The Robotics Researchers group wil meet weekly during the summer program on Wednesdays at 2:00pm.

Soft and Active Matter @ Wes

McKensie-Smith, Mitchel, Roberts, Starr, and Voth Labs

Labs participating in The Soft and Active Matter @ Wes Collective are broadly interested in the emergent behaviors in systems which may be squishy, active, and/or far from equilibrium. Though our individual research focuses on diverse systems, from turbulent flows to insect swarms to migrating cells to molecular glasses, these diverse systems share the feature of exhibiting emergent properties, in which "the whole is more than the sum of its parts".

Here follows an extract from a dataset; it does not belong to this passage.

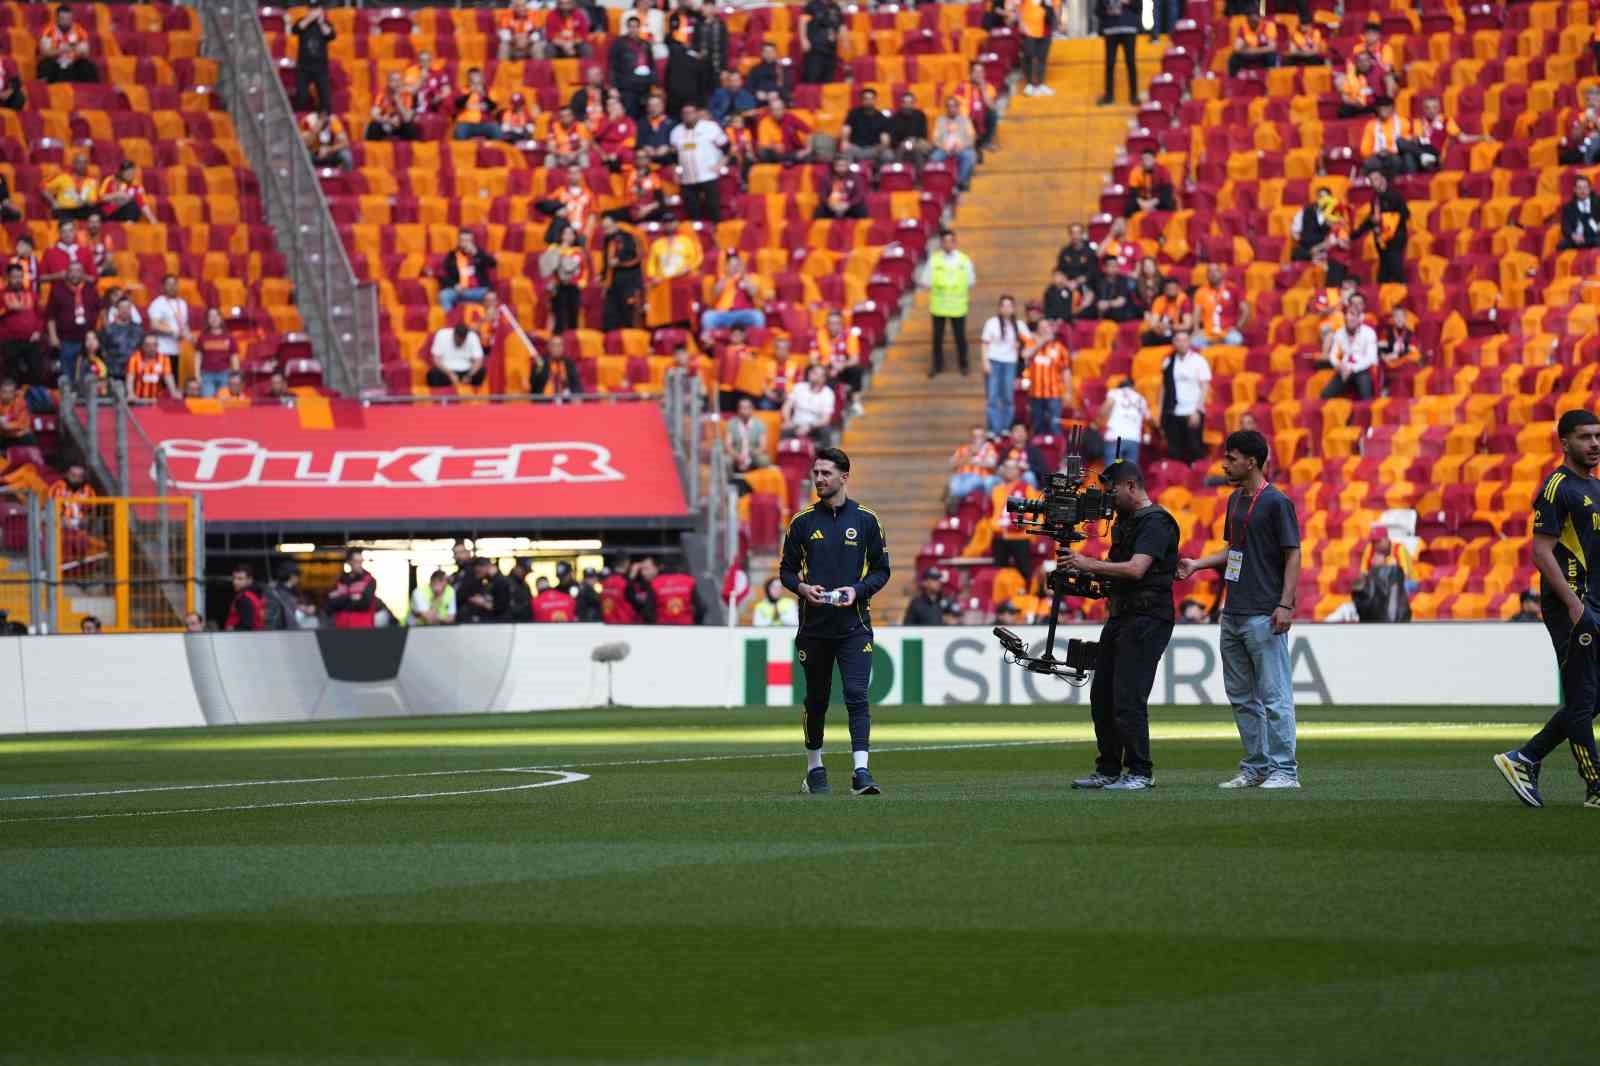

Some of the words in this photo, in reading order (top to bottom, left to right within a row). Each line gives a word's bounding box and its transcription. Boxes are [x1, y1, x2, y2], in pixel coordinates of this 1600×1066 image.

[150, 438, 625, 490] ÜLKER
[744, 638, 923, 705] HDI
[944, 637, 1333, 705] SIGRA
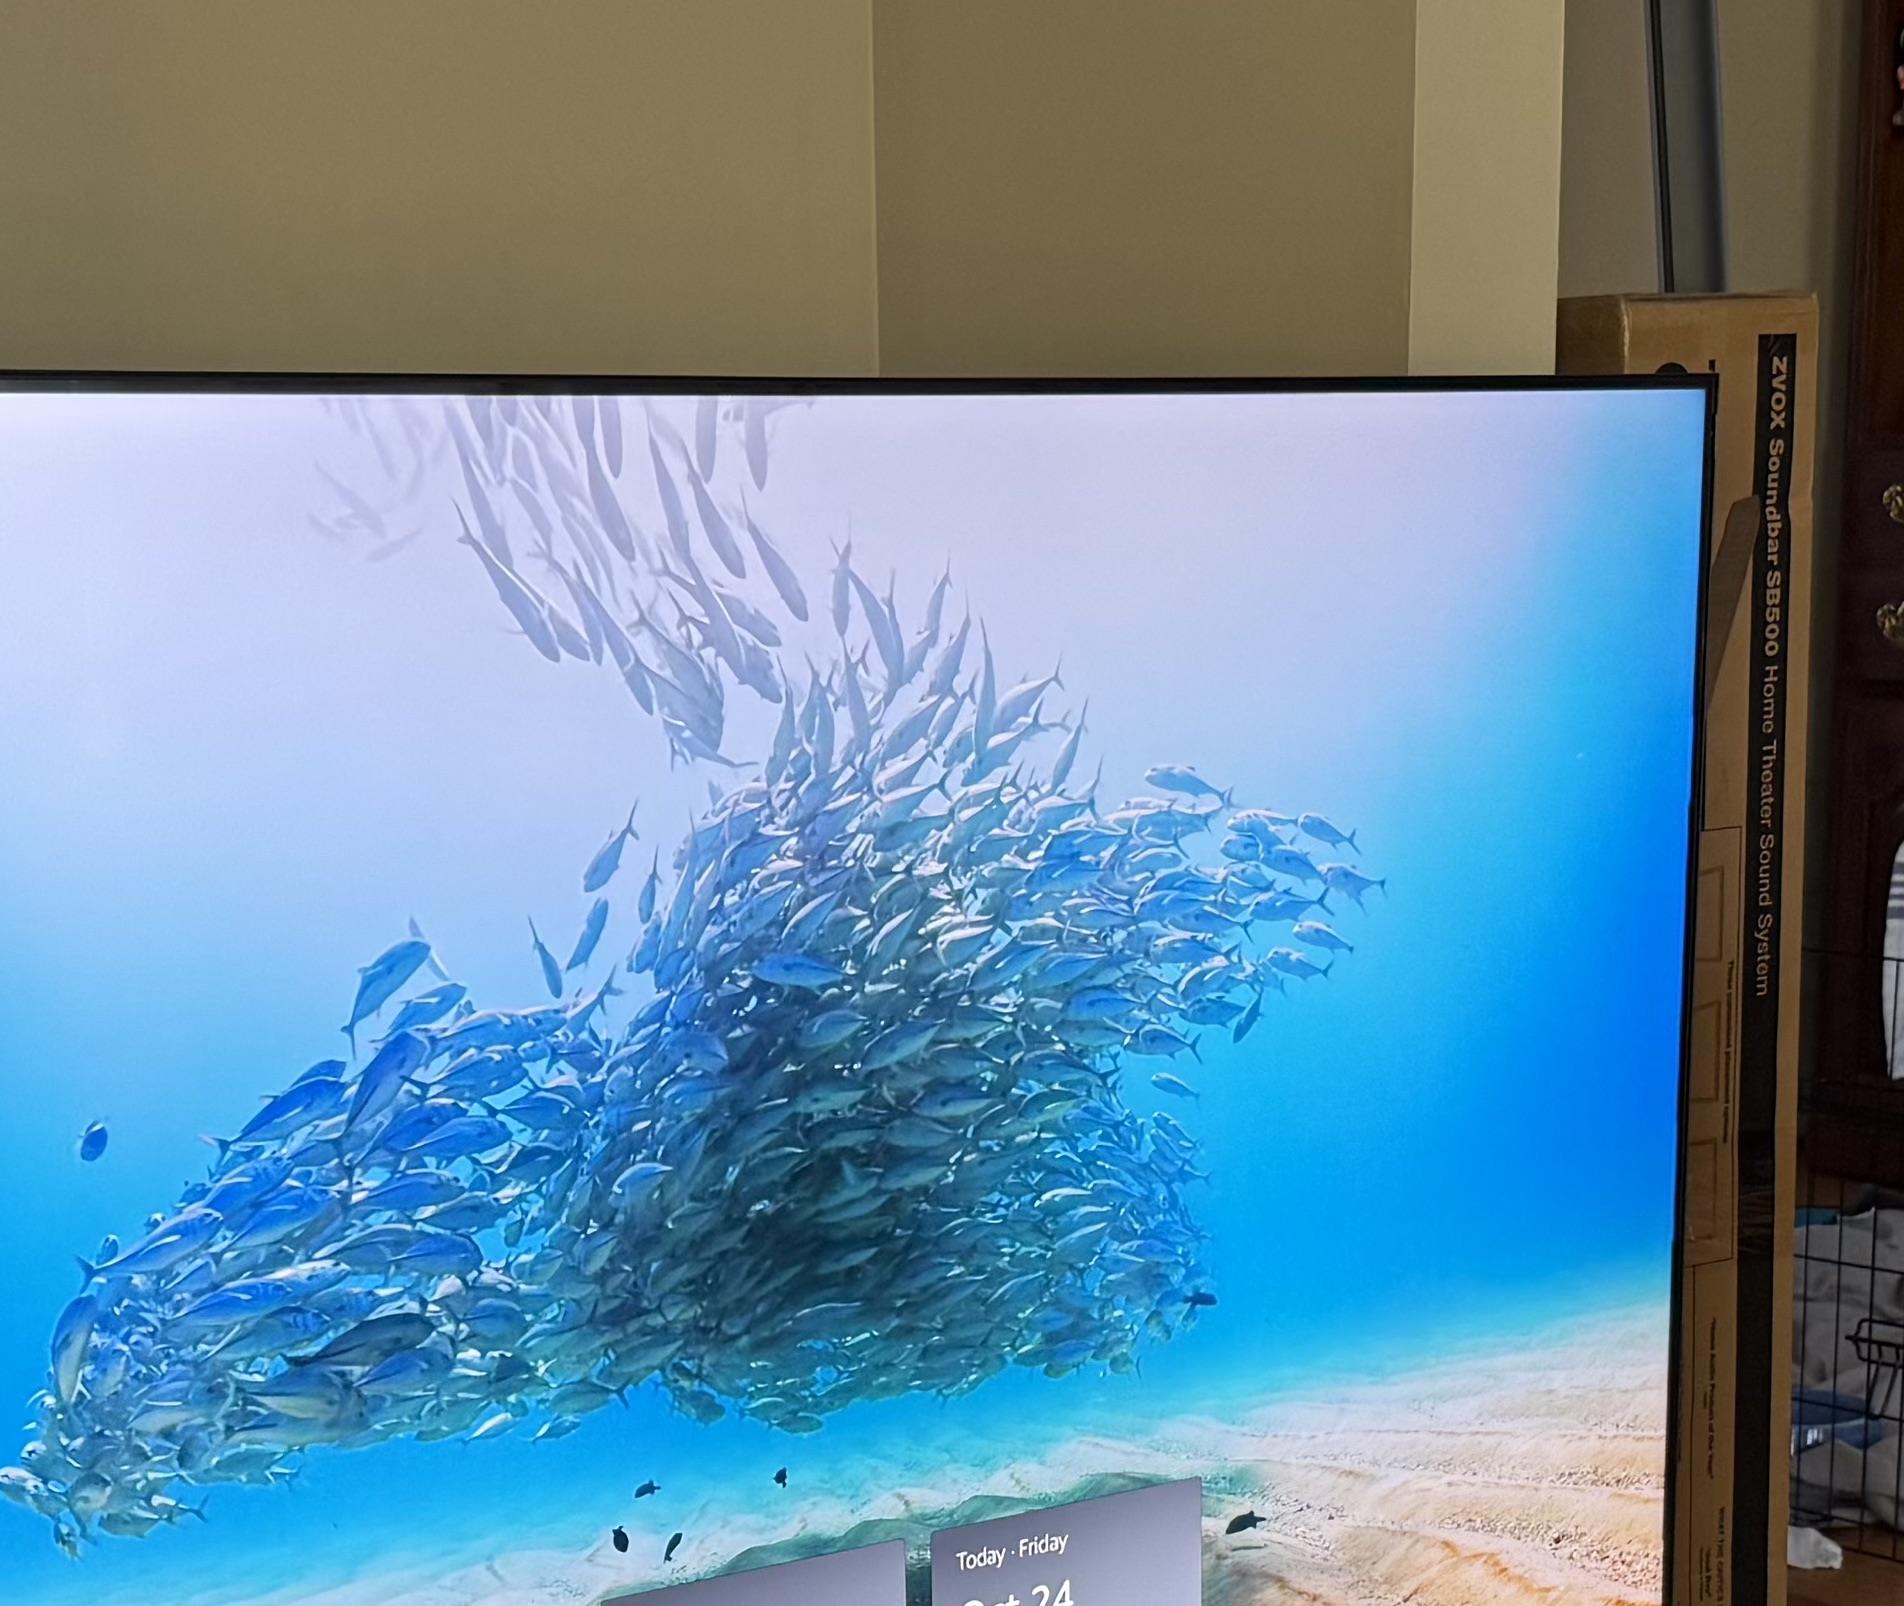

The Soft and Active Matter @ Wes Collective will hold a day-long symposium during the summer program, date and times TBD.

WEaSt

Coolon, Holmes, MacQueen and Weir Labs

The WEaSt ("Wesleyan yeast") meetings were initiated by MB&B professor Amy MacQueen in 2010 and for several years have met two to three times each summer for colleagueship and presentations by students. The meetings provide opportunities for students to present and receive feedback on their projects, gain exposure to new subjects and techniques, and become familiar with a larger community of researchers with overlapping goals and approaches. 

The WEaSt group will hold three meetings during the summer program, dates and times TBD.

Wesleyan Cell/Dev

Johnson, Mitchel, and Tezak Labs

The Mitchel, Tezak, and Johnson labs are planning to have multiple meetings over the summer around their shared interests in cellular and developmental biology. We are going to focus on having our undergrads and grad students presenting their work in a different setting than usual -- we'll encourage presentations that are less polished but more focused on the question they're addressing and discussing the data in detail. In addition to sharing data and getting feedback, another goal of this collaborative meeting is to foster a stronger sense of departmental community, including getting to know who’s around, who works on what, and who the students might approach for advice about protocols, techniques, or analysis.

The Cell/Dev group plans to meet every-other-week, dates and times TBD.